What Is Prostate Cancer Recurrence
Prostate cancer recurrence is the return of cancer after treatment and a period when no cancer activity could be detected. Local therapies with radical prostatectomy or radiation therapy are the two main ways to eliminate localized prostate cancer.
Both options are definitive treatments because they can cure prostate cancer altogether. However, local treatments are ineffective if cancer has spread outside the prostate gland. Here, other types of treatment are needed to target cancer cells located in other parts of the body.

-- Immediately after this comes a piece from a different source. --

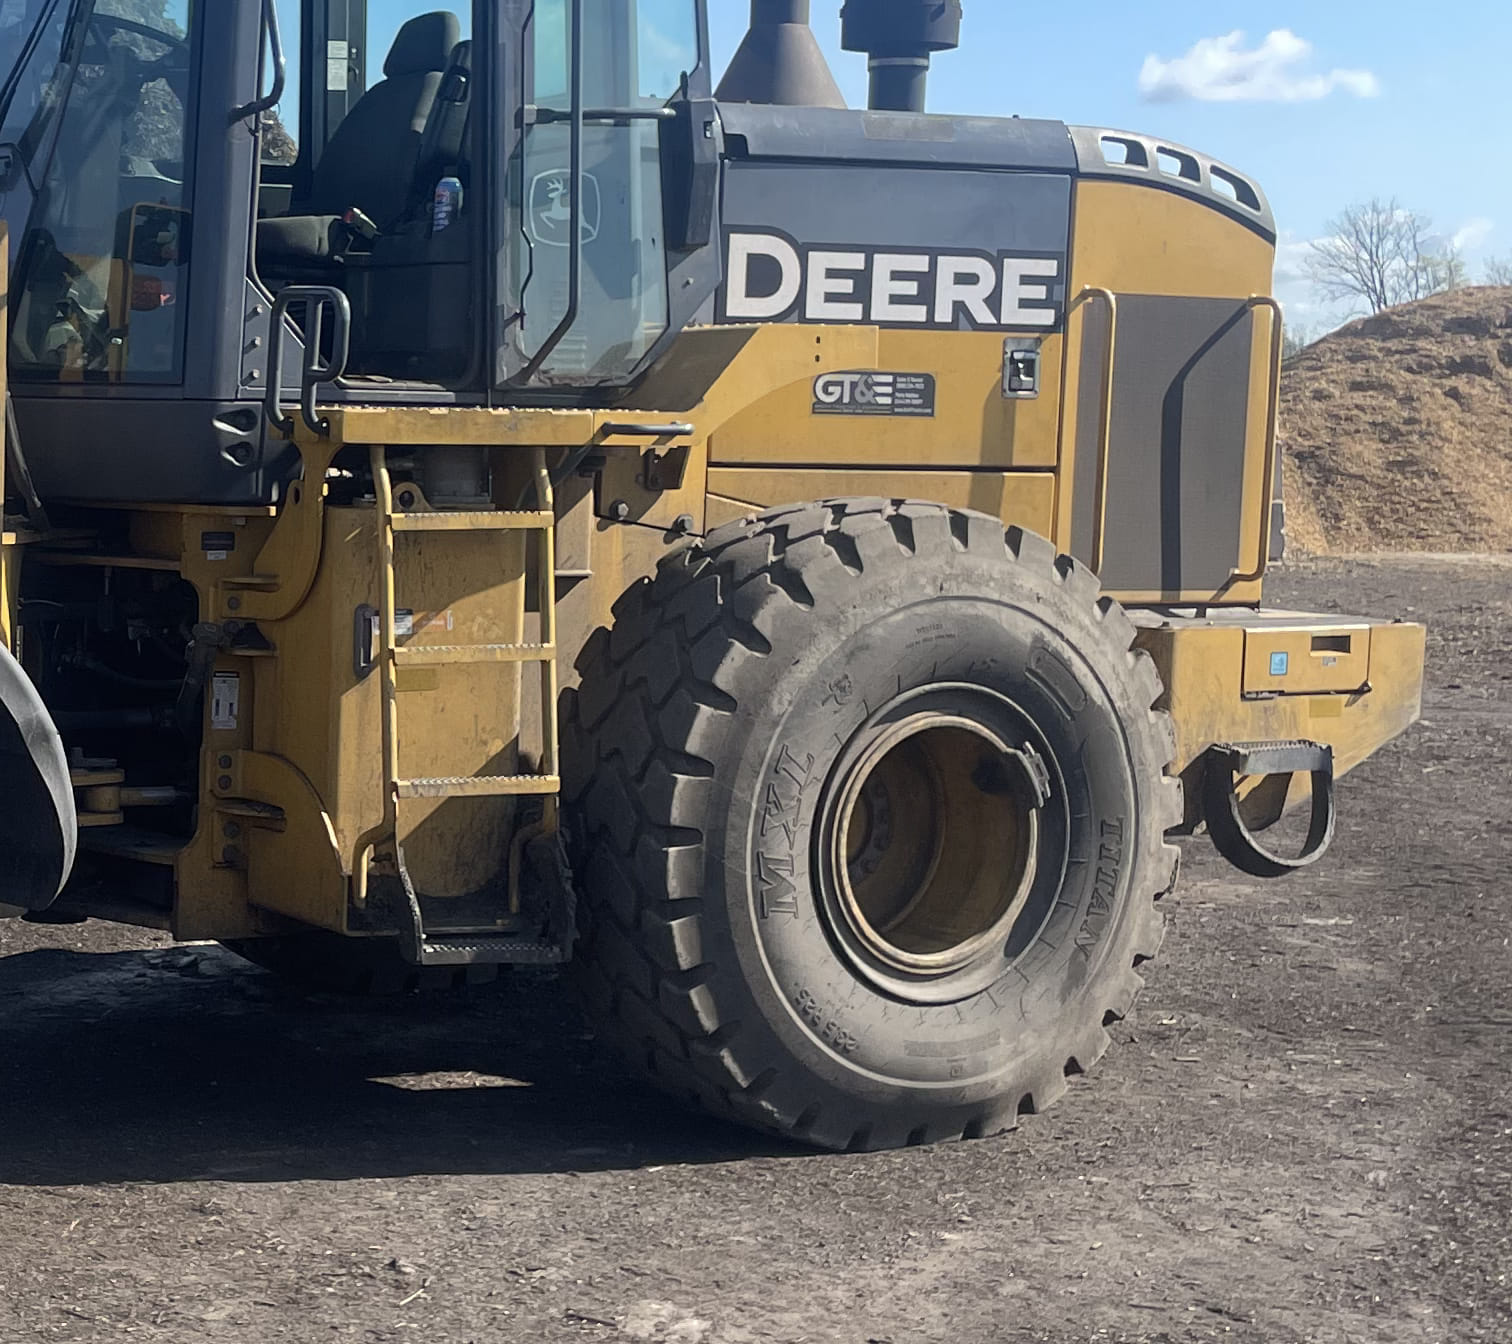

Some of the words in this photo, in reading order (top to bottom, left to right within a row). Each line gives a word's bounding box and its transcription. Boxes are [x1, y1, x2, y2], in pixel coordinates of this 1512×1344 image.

[726, 233, 1058, 326] DEERE
[815, 373, 893, 404] GT&E
[756, 743, 815, 920] MXL
[1074, 817, 1124, 962] TITAN

Cancer cells remain after curative treatments because of positive surgical margins or metastasis if the disease is more advanced than initially thought. Prostate cancer cells can start to grow again from these sites.
Treatment relapse increases the possibility of developing advanced incurable disease that needs complex treatment decisions to manage. However, current clinical methods for treating recurred prostate cancer can result in both over-treatment and under-treatment due to a lack of adequate biomarkers to predict response.